Miriam Chalfi (from the Sternbaum family) was born in Sokołów (Poland). Her father, Barukh, was a merchant. Her mother, Rachel was born initially into the Salzberg family. Chalfi grew up in a traditional, Zionist household. Her father was a Maskil and taught her Hebrew in her youth. In 1925, she moved to the Land of Israel with her father (though her mother had died in Poland by this point). She was accompanied by three brothers and one sister. She, with her family, lived in Tel Aviv. In Palestine she studied in a night high school, Gymnasia Humanista, and she studied in a course for kindergarten teachers. In her early and her teenage years, she worked various jobs in order to provide for her family and her brothers.

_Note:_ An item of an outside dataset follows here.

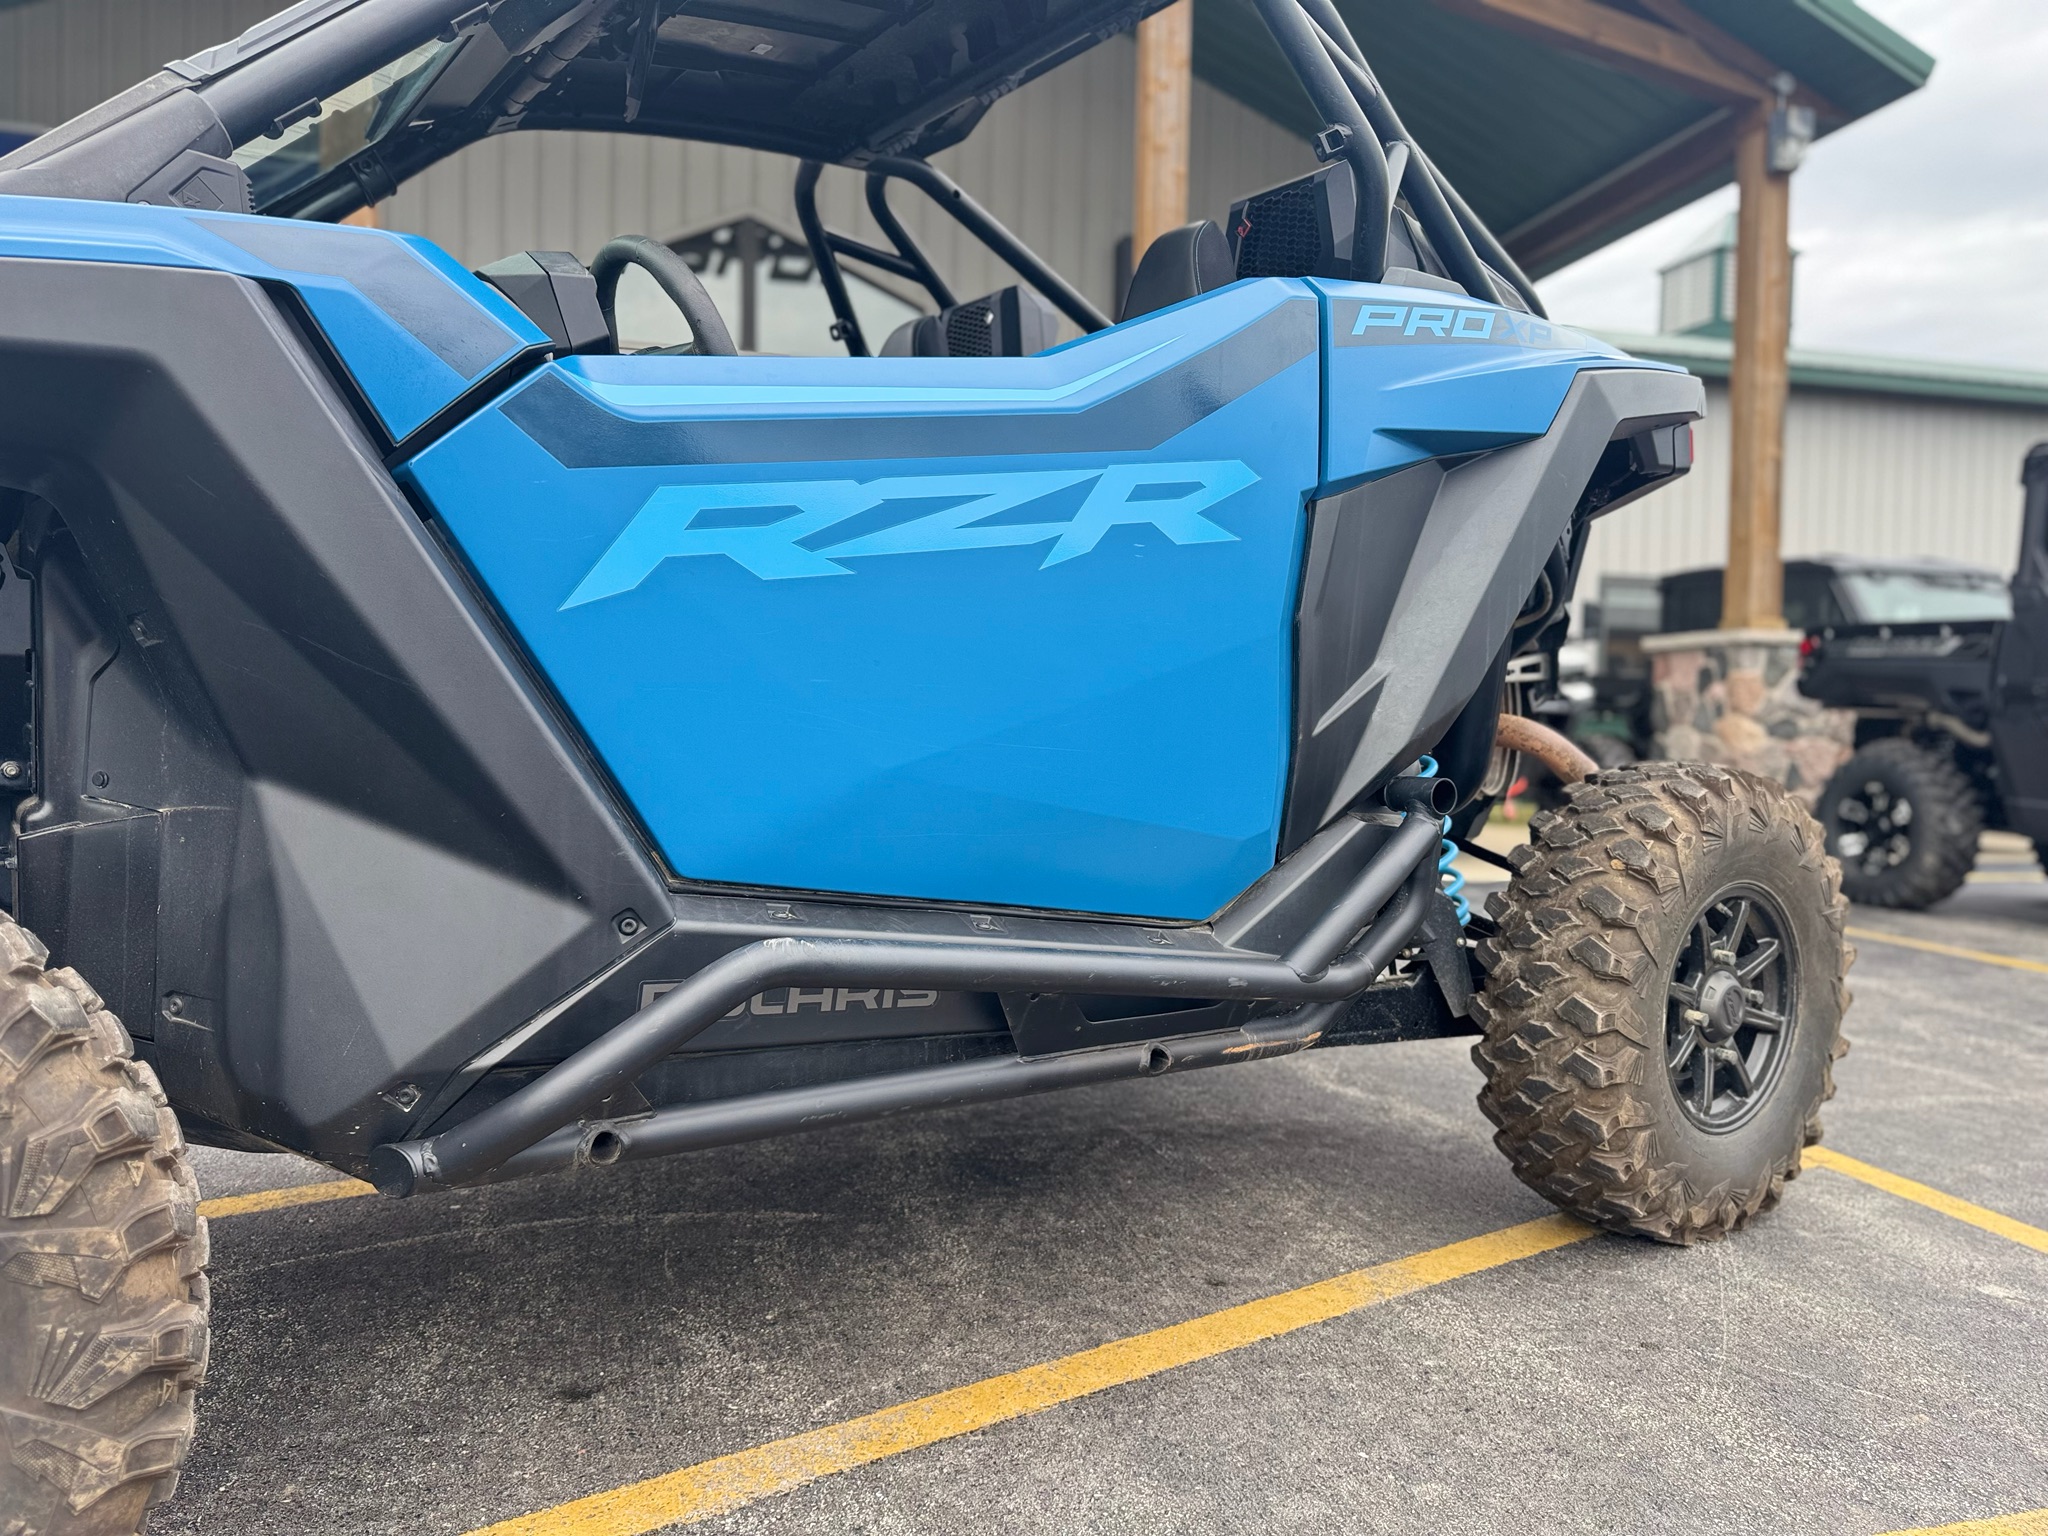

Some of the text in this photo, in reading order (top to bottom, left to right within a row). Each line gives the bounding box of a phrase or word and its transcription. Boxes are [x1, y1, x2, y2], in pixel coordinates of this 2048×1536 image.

After her studies, she worked as a teacher and a kindergarten teacher in special education. In 1937, she married the poet and playwright Shimshon Chalfi. In 1952, the couple was sent to Mexico to teach in the Tarbut/Cultura school system wherein she established a Hebrew kindergarten. There, she completed sculptural studies in La Academía del Arte in Mexico City. When she returned to Israel, she continued in her sculptural studies with Rudi Lehmann and Dov Feigin.

Her daughter, Raquel Chalfi, is a poet and filmmaker.

She died in Tel Aviv in 2002.

== Works ==
Her works were exhibited in, among other exhibits, the exhibit "80 Years of Sculpture in Israel" in The Israel Museum. Chalfi published her first poems under the pen-name "Miriam Barukh". Not a soul—besides close family—knew her identity. She did not want her publicity as a sculptor to be understood through the perspectives of her poetry.

Her visual works, similar to her poetry, specialize in concentration as well as Tzimtzum, that is contraction. The artist Oziash Hofstetter wrote, "In her sculptures, an elegant celibacy emerges from the dimensions of her strength... Her works break through religious peaks. The language of her faithfulness... touches upon all of that which is in her heart—the hidden and the eternal."

Her first book, Ba-Tavekh (In the Inside) (בַּתָּוֶךְ), was well received in the literary community. The poet Yisrael Har wrote regarding this book: "Chalfi's poems are rare and sparkle in their individualism." David Wienfeld wrote of Chalfi, "Her poems are deep and amazingly focused." Hayim Pesah wrote: "She successfully brings in a spiritual universe—decorated, rich, and echoing through a tight framework of succinct poetry that knows well the secret of Tzimtzum.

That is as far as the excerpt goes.